Just say “No” to Working on Vacation
Sometimes you really need to unplug from the office.
Regardless of whether we like our jobs or not, they can be stressful. Ideally, going on vacation should refresh us and let us return recharged and ready to work. However, this doesn’t always happen. Your phone follows you everywhere, which means your boss and the rest of the workplace do, too.
So how are you supposed to handle all of this? By knowing how to tell your boss no without actually saying no. Sounds hard, right? We’ve got you covered.
1. Communicate with Your Boss
If your boss has a tendency to interrupt your pool time, it might be time for a discussion. The number one thing to remember is that this is communication, NOT confrontation. As such, you need to be open to understanding you boss’s reasons for contacting you constantly. Perhaps they simply don’t trust anyone else to do your job effectively. Or maybe they just feel a need to control the situation.

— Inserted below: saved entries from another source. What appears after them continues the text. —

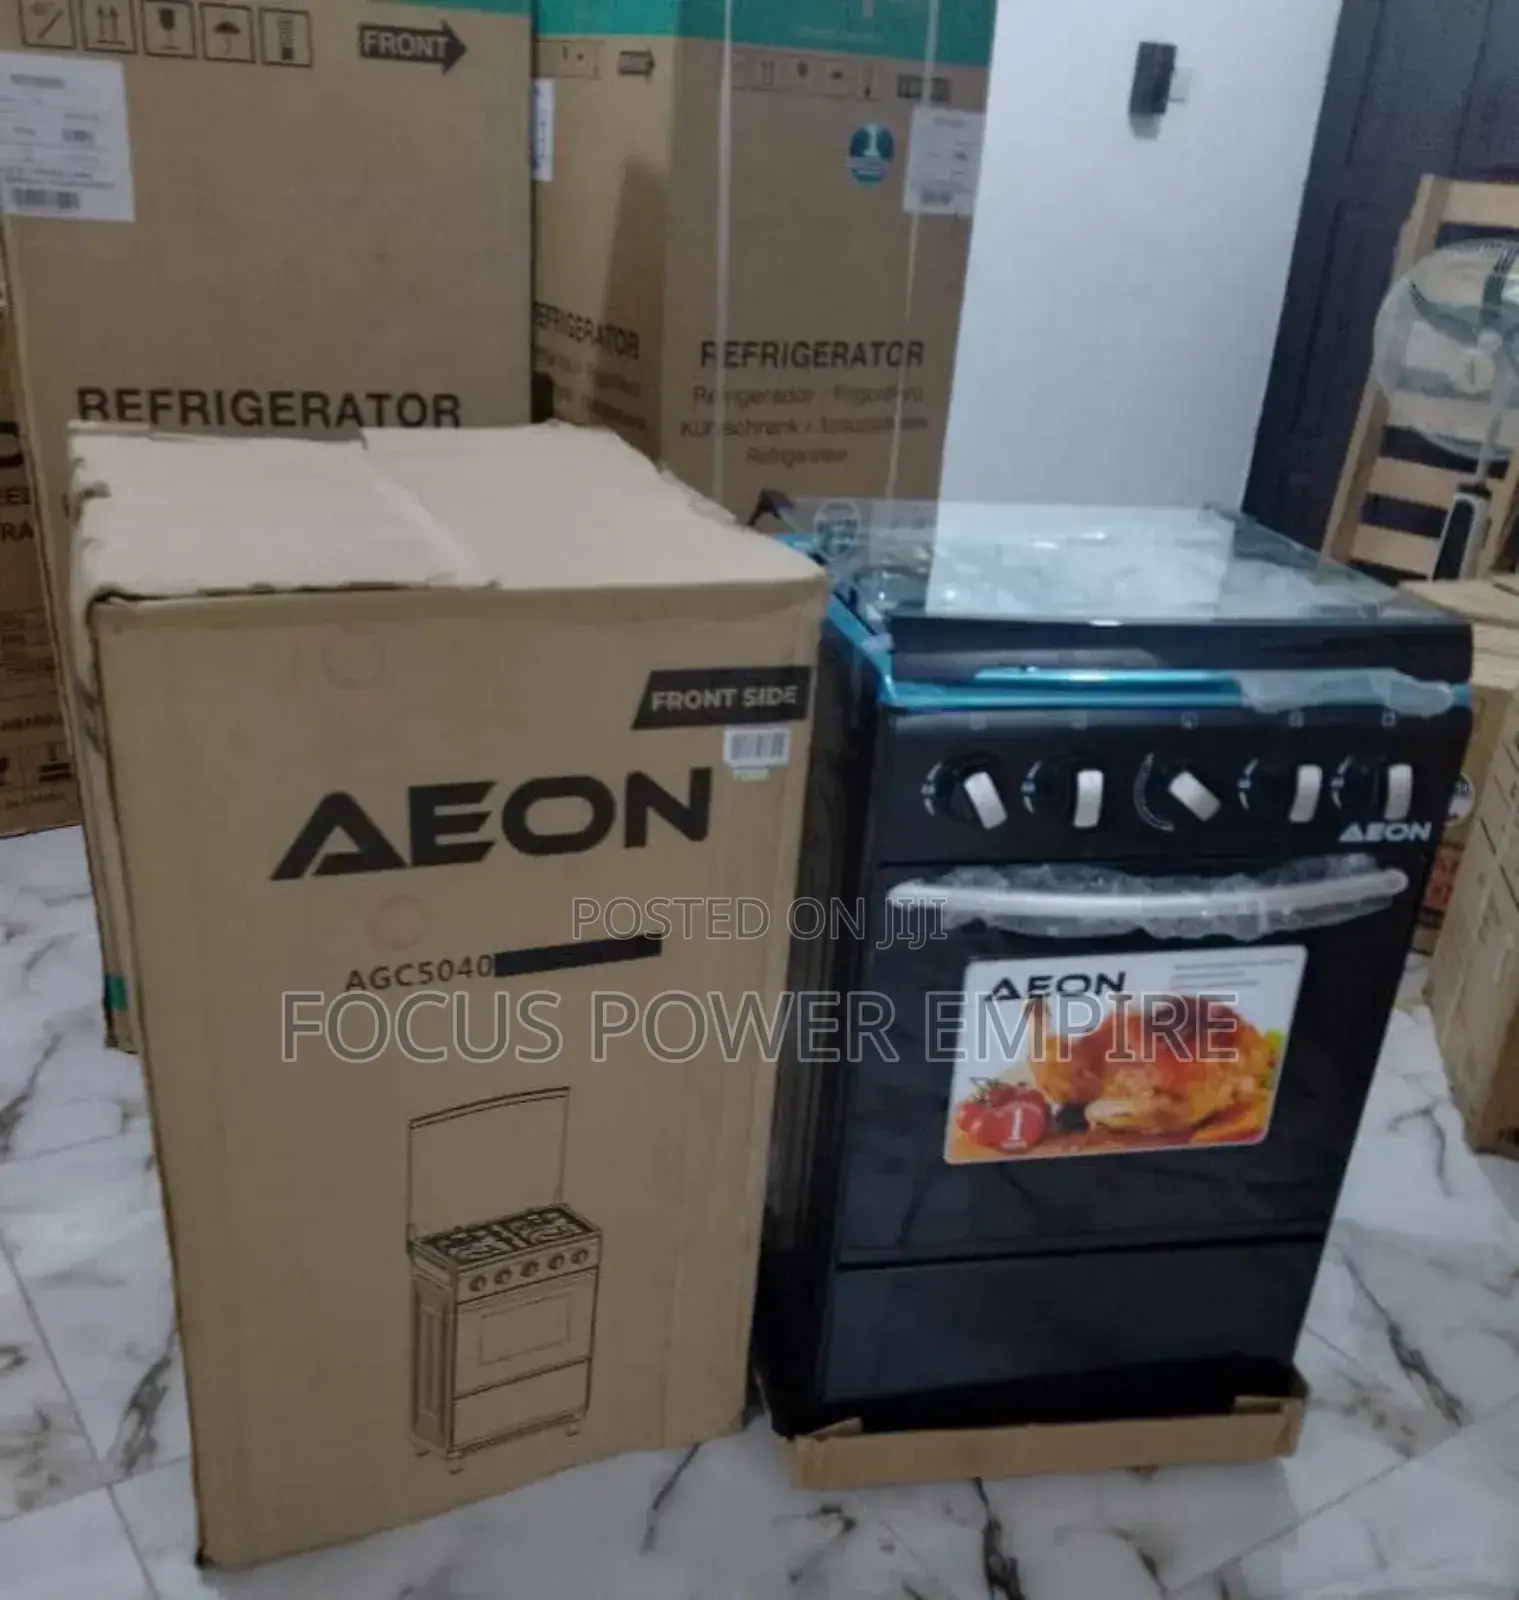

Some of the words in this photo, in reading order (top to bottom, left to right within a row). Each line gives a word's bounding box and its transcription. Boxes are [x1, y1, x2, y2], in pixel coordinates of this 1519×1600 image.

[362, 33, 450, 58] FRONT
[700, 340, 924, 369] REFRIGERATOR
[77, 386, 461, 428] REFRIGERATOR
[651, 687, 736, 712] FRONT
[744, 685, 799, 709] SIDE
[269, 766, 714, 881] AEON
[1338, 821, 1432, 844] AEON
[344, 953, 494, 992] AGC5040
[983, 971, 1128, 1002] AEON

Begin by politely telling them how these work interruptions are affecting you. Maybe it’s taking time away from the kids or putting a strain on your relationship with your significant other. Let your boss know that, in the end, uninterrupted vacation time is best for the both of you. You get the relaxation you need, and they get a freshly charged employee.
Once you’ve established why vacation interruptions are a problem for you, it’s time to assure your boss that all of your responsibilities will be covered in your absence.
2. Work Ahead
In order to ease your boss’s worries (and make them less likely to contact you on vacation), work as far ahead as possible before you leave. If anything is due the week of or even the week after your vacation, it should be done before you leave. And even if you don’t work in a deadline sensitive environment, there are still duties you can take care of before you leave.
These include touching base with your contacts and letting them know you’ll be gone, going through any outstanding voicemails or emails, and cleaning your workstation. In addition, make sure to update your voicemail and email to reference your vacation. You should include not only the duration of your vacation, but also the name and contact information of your stand-in for use in emergencies.
3. Create a Back-Up Plan
Reassure your boss by clearly laying out how all responsibilities will be covered in your absence. Provide a point person that will act as your stand-in while you are away. This person should be able to handle any deadlines that could be missed while you are gone.
When you talk to a stand-in, make sure they know where all of your files are located, as well as any other information that might be helpful while you are away. It’s similar to hiring a babysitter, except in this case, the baby is your job. And instead of telling them where the bottles and diapers are, you’re letting them know about files, contact information, and conference calls.